Given records below:

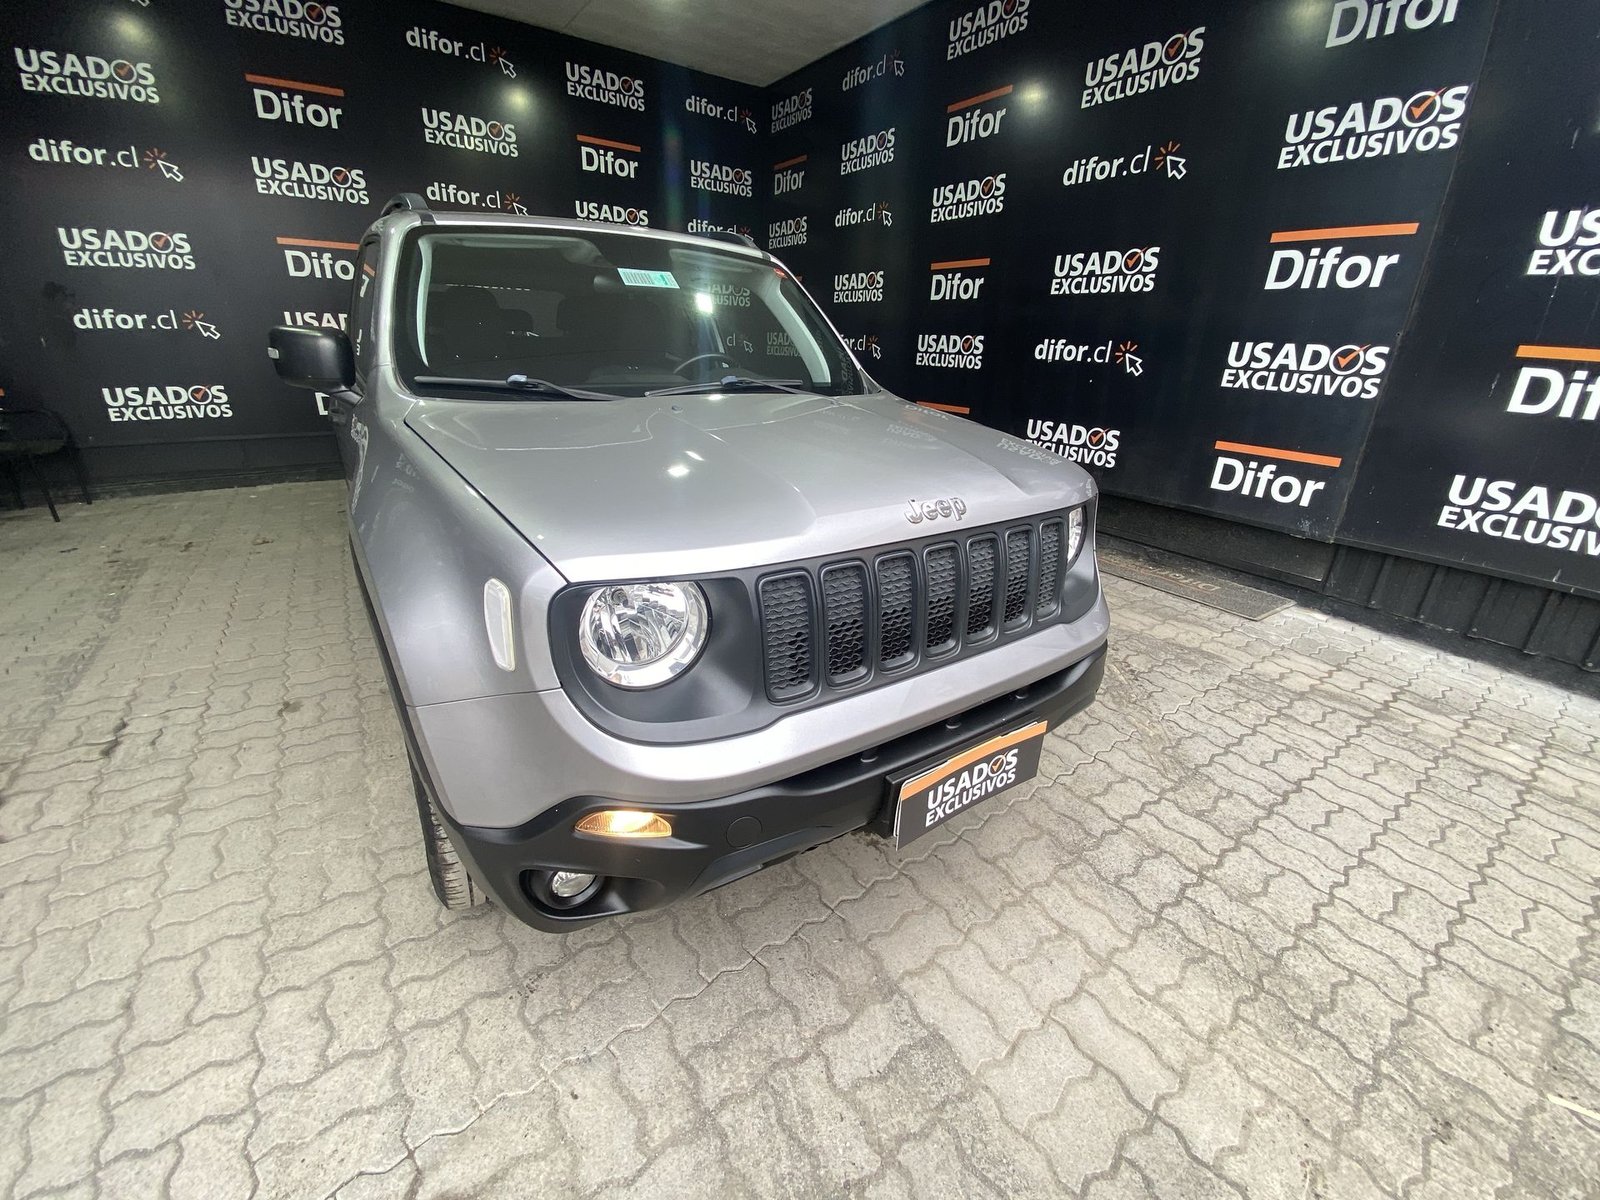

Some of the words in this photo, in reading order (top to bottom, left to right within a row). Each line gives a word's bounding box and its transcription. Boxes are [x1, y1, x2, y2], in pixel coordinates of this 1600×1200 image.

[225, 9, 345, 46] EXCLUSIVOS
[947, 12, 1029, 61] EXCLUSIVOS
[406, 27, 485, 62] difor.cl
[1085, 26, 1206, 87] USADOS
[14, 48, 156, 86] USADOS
[566, 61, 644, 97] USADOS
[842, 54, 886, 92] difor.cl
[20, 73, 160, 104] EXCLUSIVOS
[567, 81, 645, 112] EXCLUSIVOS
[1081, 58, 1201, 109] EXCLUSIVOS
[253, 88, 343, 129] Difor
[685, 96, 737, 122] difor.cl
[772, 87, 812, 121] USADOS
[772, 105, 812, 134] EXCLUSIVOS
[1284, 85, 1469, 144] USADOS
[422, 108, 517, 143] USADOS
[946, 108, 1007, 148] Difor
[28, 139, 139, 168] difor.cl
[425, 129, 518, 158] EXCLUSIVOS
[841, 127, 895, 161] USADOS
[1277, 123, 1461, 170] EXCLUSIVOS
[251, 156, 367, 189] USADOS
[581, 146, 638, 178] Difor
[690, 160, 752, 185] USADOS
[840, 147, 894, 175] EXCLUSIVOS
[1063, 145, 1151, 186] difor.cl
[255, 179, 370, 205] EXCLUSIVOS
[426, 182, 500, 209] difor.cl
[691, 177, 752, 197] EXCLUSIVOS
[774, 169, 804, 195] Difor
[932, 173, 1006, 207] USADOS
[575, 201, 648, 226] USADOS
[835, 203, 876, 227] difor.cl
[931, 196, 1004, 223] EXCLUSIVOS
[57, 227, 192, 254] USADOS
[687, 219, 737, 234] diforcl
[769, 216, 807, 238] USADOS
[769, 232, 807, 249] EXCLUSIVOS
[63, 251, 196, 270] EXCLUSIVOS
[284, 250, 355, 280] Difo
[1054, 246, 1160, 277] USADOS
[1264, 246, 1400, 290] Difor
[833, 288, 883, 303] EXCLUSIVOS
[834, 271, 884, 291] USADOS
[930, 273, 984, 300] Difor
[1050, 273, 1156, 295] EXCLUSIVOS
[73, 309, 178, 330] difor.cl
[918, 334, 984, 354] USADOS
[1034, 339, 1112, 363] difor.cl
[1227, 341, 1390, 376] USADOS
[915, 352, 982, 369] EXCLUSIVOS
[102, 385, 228, 406] USADOS
[1221, 369, 1381, 399] EXCLUSIVOS
[1506, 366, 1600, 421] Dif
[108, 404, 233, 422] EXCLUSIVOS
[1026, 418, 1121, 452] USADOS
[1025, 438, 1117, 469] LUSIVOS
[1210, 455, 1326, 508] Difor
[904, 497, 967, 524] Jeep
[1448, 474, 1600, 528] USAD
[1436, 505, 1600, 556] EXCLUSIV
[928, 749, 1018, 810] USADOS
[926, 768, 1016, 827] EXCLUSIVOS

End of Given records.

_What you should do_
Retype each of the entries above exactly as it appears, with no pictures.

_Answer to this problem_
Some of the words in this photo, in reading order (top to bottom, left to right within a row). Each line gives a word's bounding box and its transcription. Boxes are [x1, y1, x2, y2], in pixel coordinates of this 1600×1200 image.

[225, 9, 345, 46] EXCLUSIVOS
[947, 12, 1029, 61] EXCLUSIVOS
[406, 27, 485, 62] difor.cl
[1085, 26, 1206, 87] USADOS
[14, 48, 156, 86] USADOS
[566, 61, 644, 97] USADOS
[842, 54, 886, 92] difor.cl
[20, 73, 160, 104] EXCLUSIVOS
[567, 81, 645, 112] EXCLUSIVOS
[1081, 58, 1201, 109] EXCLUSIVOS
[253, 88, 343, 129] Difor
[685, 96, 737, 122] difor.cl
[772, 87, 812, 121] USADOS
[772, 105, 812, 134] EXCLUSIVOS
[1284, 85, 1469, 144] USADOS
[422, 108, 517, 143] USADOS
[946, 108, 1007, 148] Difor
[28, 139, 139, 168] difor.cl
[425, 129, 518, 158] EXCLUSIVOS
[841, 127, 895, 161] USADOS
[1277, 123, 1461, 170] EXCLUSIVOS
[251, 156, 367, 189] USADOS
[581, 146, 638, 178] Difor
[690, 160, 752, 185] USADOS
[840, 147, 894, 175] EXCLUSIVOS
[1063, 145, 1151, 186] difor.cl
[255, 179, 370, 205] EXCLUSIVOS
[426, 182, 500, 209] difor.cl
[691, 177, 752, 197] EXCLUSIVOS
[774, 169, 804, 195] Difor
[932, 173, 1006, 207] USADOS
[575, 201, 648, 226] USADOS
[835, 203, 876, 227] difor.cl
[931, 196, 1004, 223] EXCLUSIVOS
[57, 227, 192, 254] USADOS
[687, 219, 737, 234] diforcl
[769, 216, 807, 238] USADOS
[769, 232, 807, 249] EXCLUSIVOS
[63, 251, 196, 270] EXCLUSIVOS
[284, 250, 355, 280] Difo
[1054, 246, 1160, 277] USADOS
[1264, 246, 1400, 290] Difor
[833, 288, 883, 303] EXCLUSIVOS
[834, 271, 884, 291] USADOS
[930, 273, 984, 300] Difor
[1050, 273, 1156, 295] EXCLUSIVOS
[73, 309, 178, 330] difor.cl
[918, 334, 984, 354] USADOS
[1034, 339, 1112, 363] difor.cl
[1227, 341, 1390, 376] USADOS
[915, 352, 982, 369] EXCLUSIVOS
[102, 385, 228, 406] USADOS
[1221, 369, 1381, 399] EXCLUSIVOS
[1506, 366, 1600, 421] Dif
[108, 404, 233, 422] EXCLUSIVOS
[1026, 418, 1121, 452] USADOS
[1025, 438, 1117, 469] LUSIVOS
[1210, 455, 1326, 508] Difor
[904, 497, 967, 524] Jeep
[1448, 474, 1600, 528] USAD
[1436, 505, 1600, 556] EXCLUSIV
[928, 749, 1018, 810] USADOS
[926, 768, 1016, 827] EXCLUSIVOS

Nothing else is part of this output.